# Nec art. 300.18



## Bulldog1 (Oct 21, 2011)

If it is just a sleeve then IMO opinion it is not required to be a complete raceway. I assume you used direct burial cable?


----------



## 480sparky (Sep 20, 2007)

300.18: _Exception: Short sections of raceways used to contain conductors or cable assemblies for protection from physical damage shall not be required to be installed complete between outlet, junction, or splicing points._


----------



## kielarsp (Apr 9, 2009)

What is the defination of a short section?


----------



## 480sparky (Sep 20, 2007)

kielarsp said:


> What is the defination of a short section?


Long enough to provide the physical protection needed.


----------



## Dennis Alwon (May 9, 2009)

kielarsp said:


> What is the defination of a short section?


A short section can be 100 feet as long as it is not a complete raceway it is considered a sleeve.
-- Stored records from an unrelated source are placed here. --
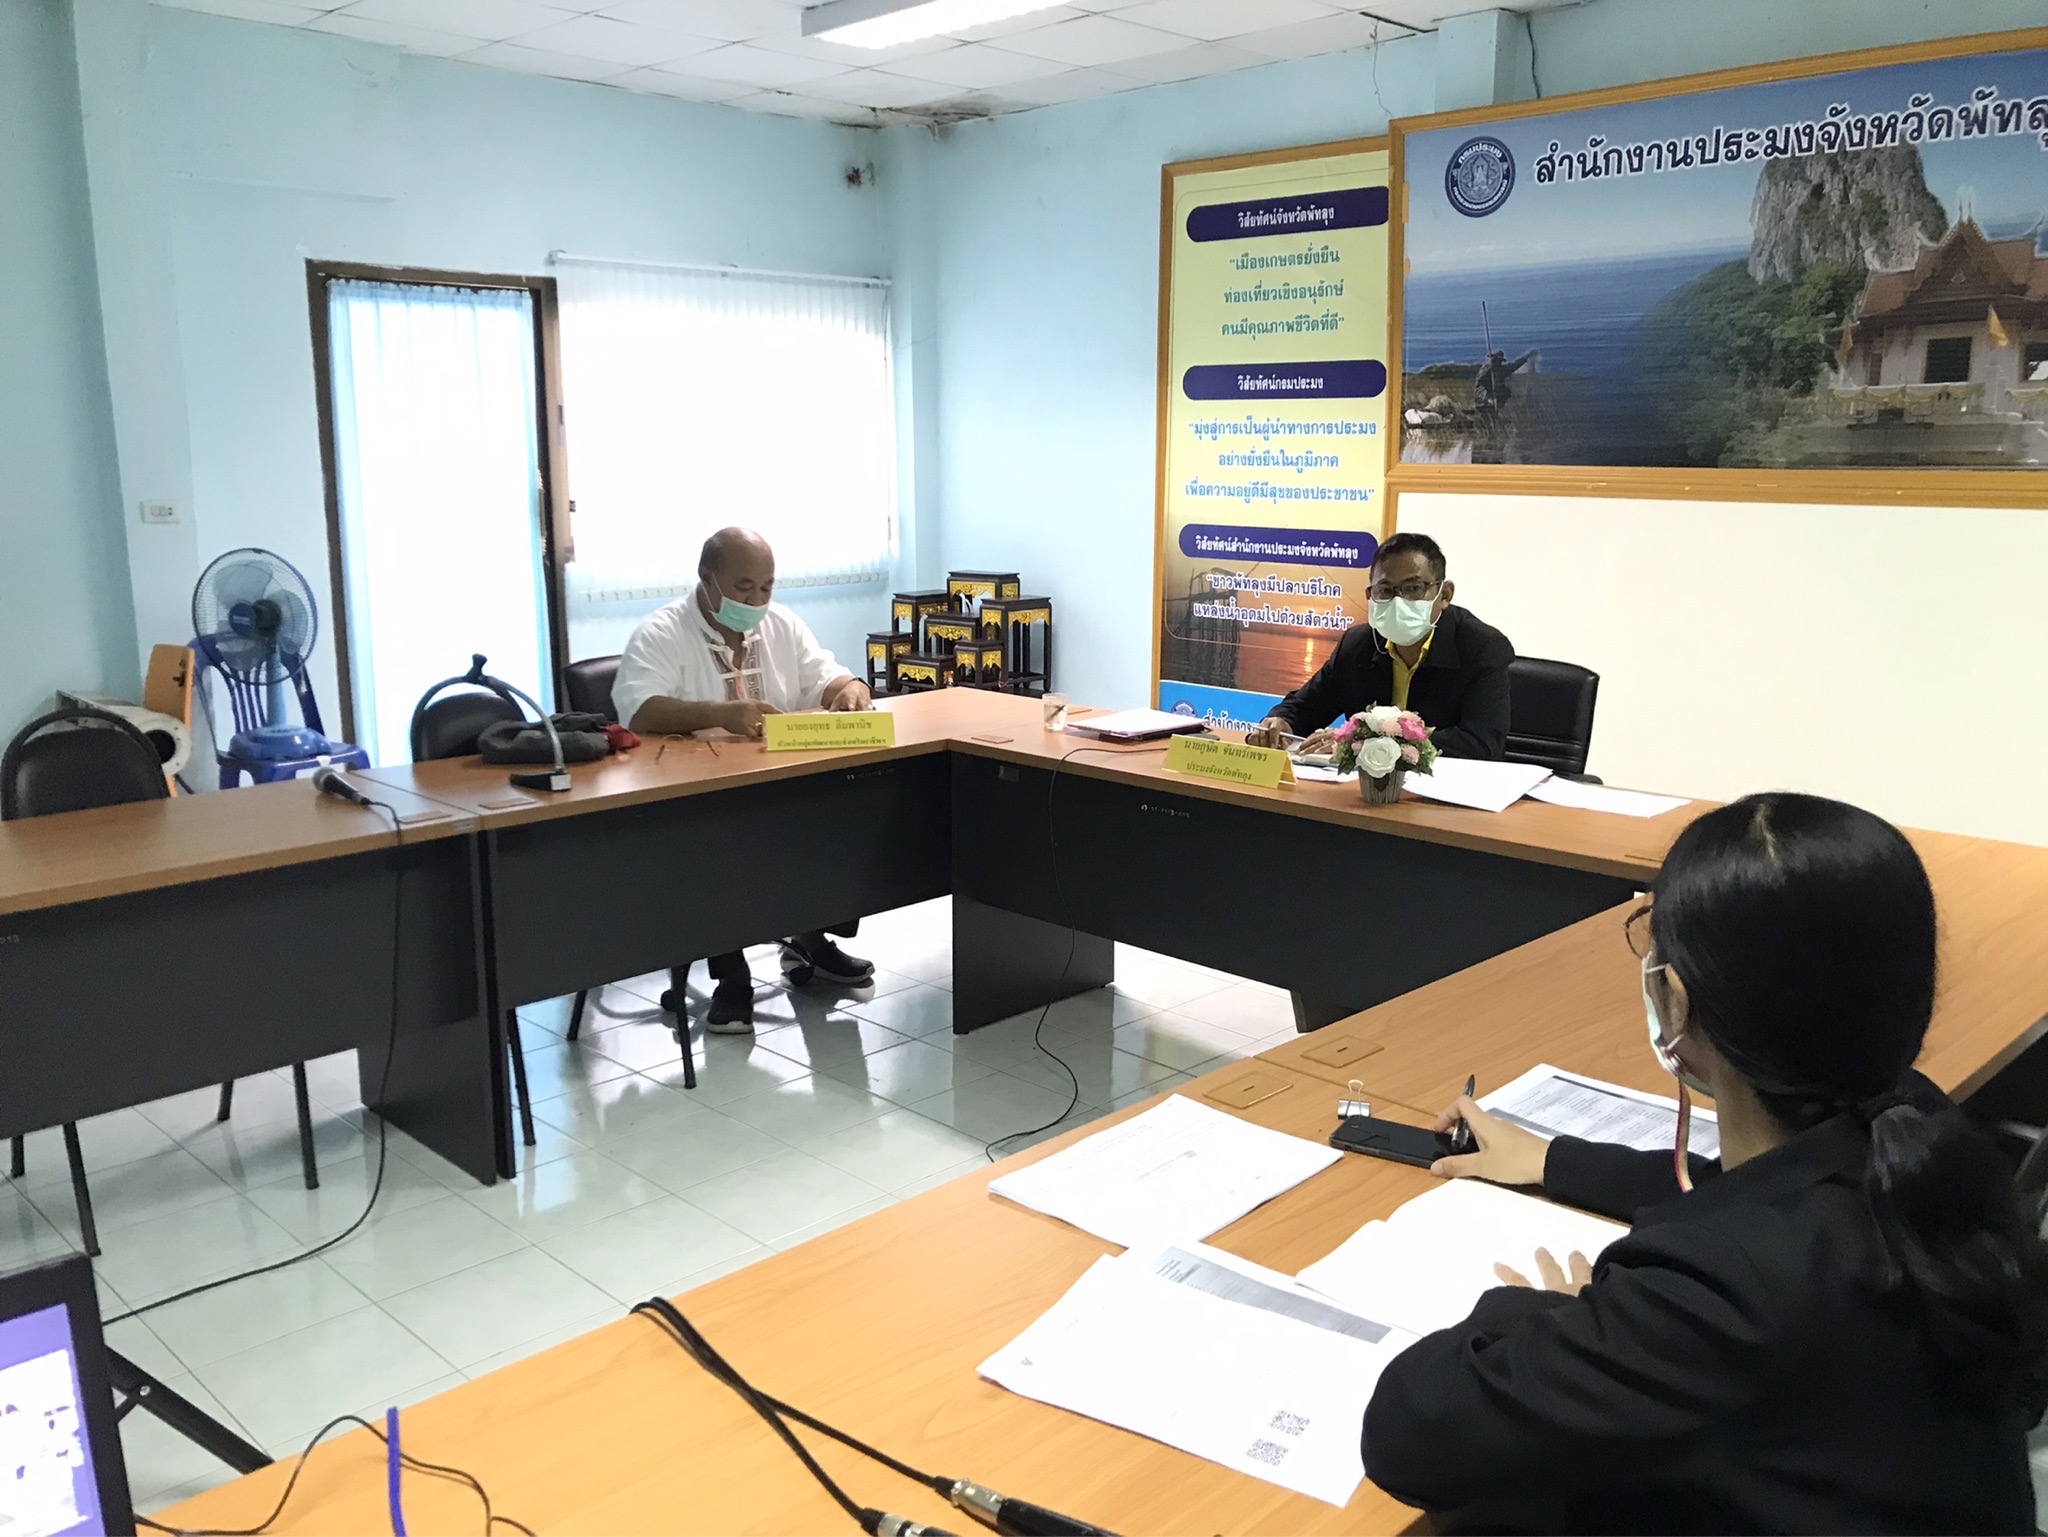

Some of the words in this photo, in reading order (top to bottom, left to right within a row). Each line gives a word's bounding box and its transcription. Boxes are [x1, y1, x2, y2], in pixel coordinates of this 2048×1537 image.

[1535, 87, 2048, 184] สำนักงานประมงจังหวัดพัทลุ
[1237, 204, 1334, 228] วิสัยทัศน์จังหวัดพัทลุง
[1223, 279, 1344, 304] ท่องเที่ยวเชิงอนุรักษ์
[1237, 374, 1324, 391] วิสัยทัศน์กรมประมง
[1218, 446, 1339, 474] อย่างยั่งยืนในภูมิภาค
[1195, 535, 1359, 566] วิสัยทัศน์สำนักงานประมงจังหวัดพัทลุง
The reality is if the raceway is there so the wire can be removed then it would be worthless if you don't know where the ends are.

I this really under the jurisdiction of the NEC???


----------



## 480sparky (Sep 20, 2007)

Dennis Alwon said:


> .......I this really under the jurisdiction of the NEC???



For several Code cycles, CMPs 1 and 2 refused to accept the proposals to define a kitchen, stating everyone knows what a kitchen is and it does not need a definition.

CMP 1 relented in the '08.


----------



## kielarsp (Apr 9, 2009)

Art. 300.12 Exception #1: Short sections of raceways used to provide support or protection of cable assemblies from physical damage shall not required to be mechanically continuous.

Learning all the time.


----------



## chicken steve (Mar 22, 2011)

the answer is in the definition of _'raceway'_

a raceway is _enclosed_

anything that is _not _enclosed doen't qualify as a raceway....

~CS~


----------



## BBQ (Nov 16, 2010)

kielarsp said:


> Guy's
> Just got spoken about this underground service install. the ditch is 120' long. to save time I sleaved the conductors with PVC. The poco requires us to put in a 12" loop for ground expansion. I was informed of art. 300.18 which requires to have a complete raceway system before we make the pull. The other end of the ditch is a padmount. What are your thoughts on this subject.
> 
> Thanks


I am not sure the NEC applies at all.

Where is the official service point?




> *Service Point. *The point of connection between the facilities
> of the serving utility and the premises wiring.
> 
> 
> ...


In my area the service point for an underground service is often at the meter on the home even if I run the conductors to the pole.




> *Service-Entrance Conductors, Underground System.* The
> service conductors between the terminals of the service equipment
> and the point of connection to the service lateral or
> underground service conductors.
> ...





Who maintains and is in control of these conductors after you are gone?


----------



## Dennis Alwon (May 9, 2009)

BBQ said:


> I am not sure the NEC applies at all.


That's what I said earlier... It seems to be a non NEC issue. Fortunately we never have to run the wire for the poco. Occasionally we have installed some conduit for them to get under roads or somewhere that they will not trench but they pull the wire and maintain it.


----------



## kielarsp (Apr 9, 2009)

Guy's
Thanks for all your input. I was digging around the good book and I stumbled on Art. 300.5 (J) Earth Movement. The informational note. I believe that i have found enough information to tell him he is full of it.


----------